Those of you who collect vintage watches have surely noticed the change. The shift in emphasis really started with Hodinkee’s move into preowned watches with its acquisition of Crown and Caliber. I regularly check vintage dealers’ websites or visit them in person and there was a strong shift into vintage Rolex at the outset of the pandemic. Now I see much more of an emphasis on preowned among these dealers as well.
What explains this phenomenon? I think it comes from a “follow the leader” mindset amongst dealers. Hodinkee is surely an 800 pound gorilla when it comes to being a tastemaker in the watch industry. It started out as one man’s blog about watches but now has acquired a large amount of financing from LVMH, John Mayar, and others. Professional investors don’t fork over tens of millions of dollars in order to produce meaningful content that they can enjoy at home with a magnum of Chateau Petrus 1959.

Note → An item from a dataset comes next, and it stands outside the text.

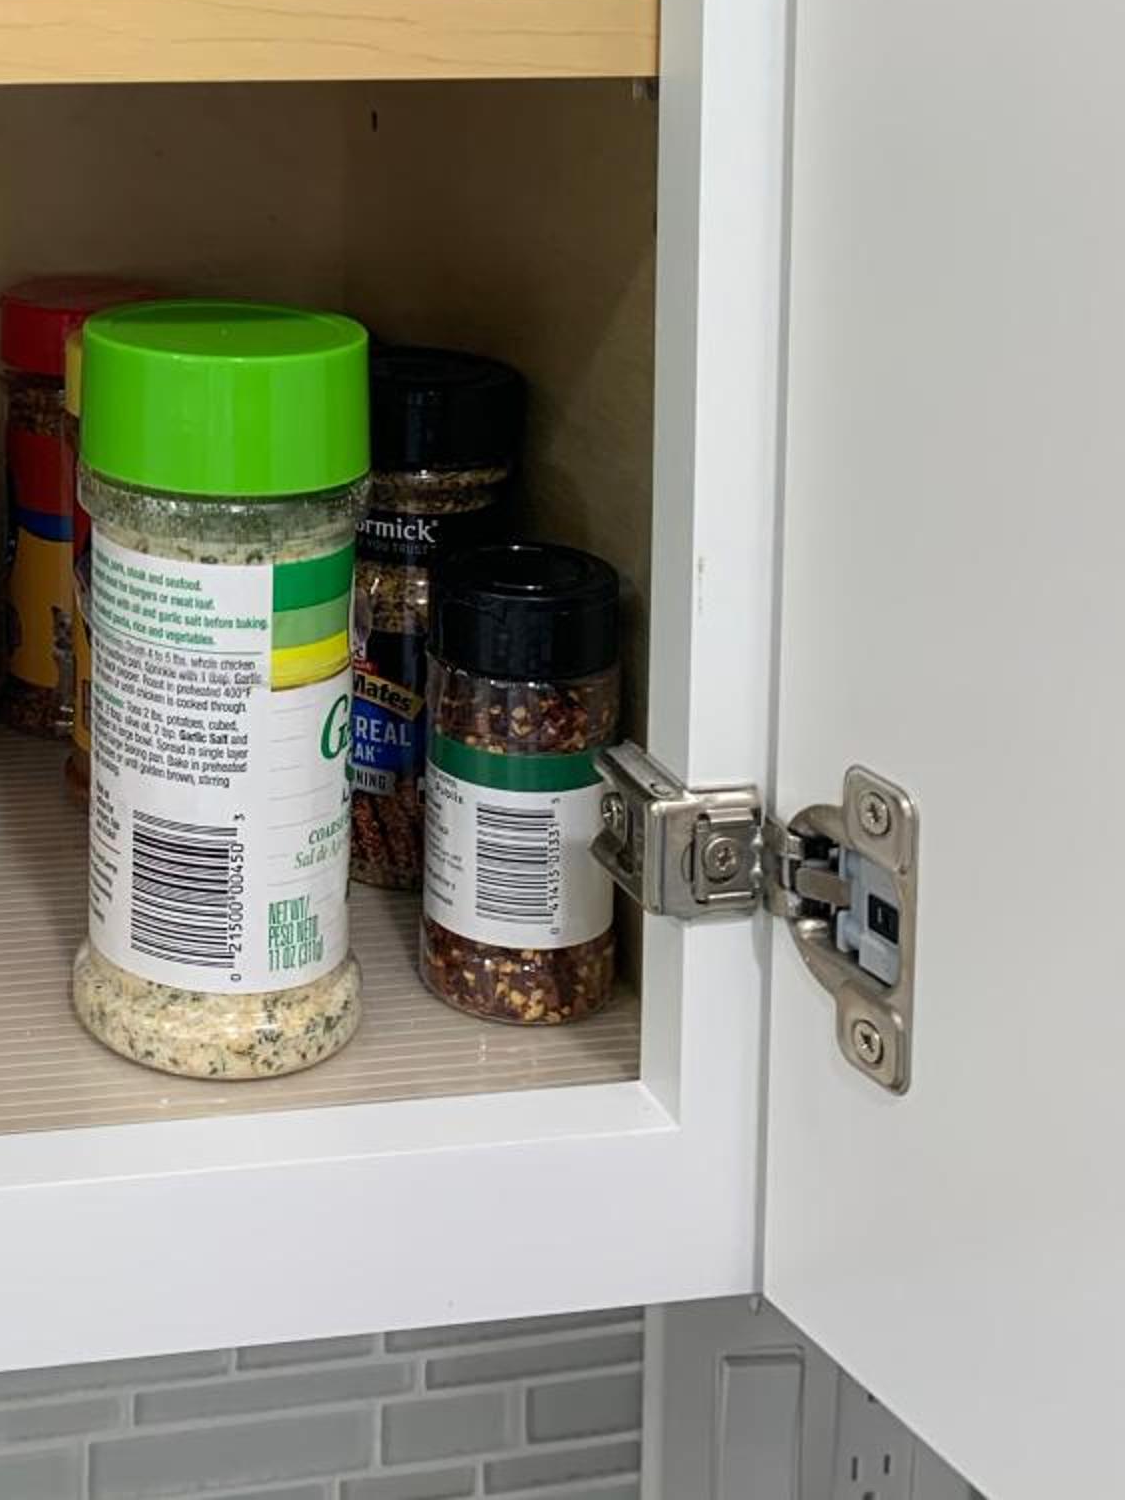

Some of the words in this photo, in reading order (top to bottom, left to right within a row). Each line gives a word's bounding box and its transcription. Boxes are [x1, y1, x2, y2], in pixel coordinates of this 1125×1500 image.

The truth is that monetizing a watch blog is hard. Ideally it would follow the magazine model of paid advertising but the function of a watch blog is report on watches. If you were a watch company, wouldn’t you rather spend money on research and development and design rather than advertising? If you make a watch that everyone loves, it will be reviewed well which is the best advertisement of all. Advertising ultimately only serves to blunt criticism if you make a clunker. The readership of watch blogs is a self-selected audience that’s probably going to be skeptical of ads
The Wall Street Journal reported last year that most of the revenue at Hodinkee comes from watch sales rather than advertising. Merchandise is the most efficient way to monetize a readership. Unfortunately for watch fans, the merchandise in this case is exactly what is being written about.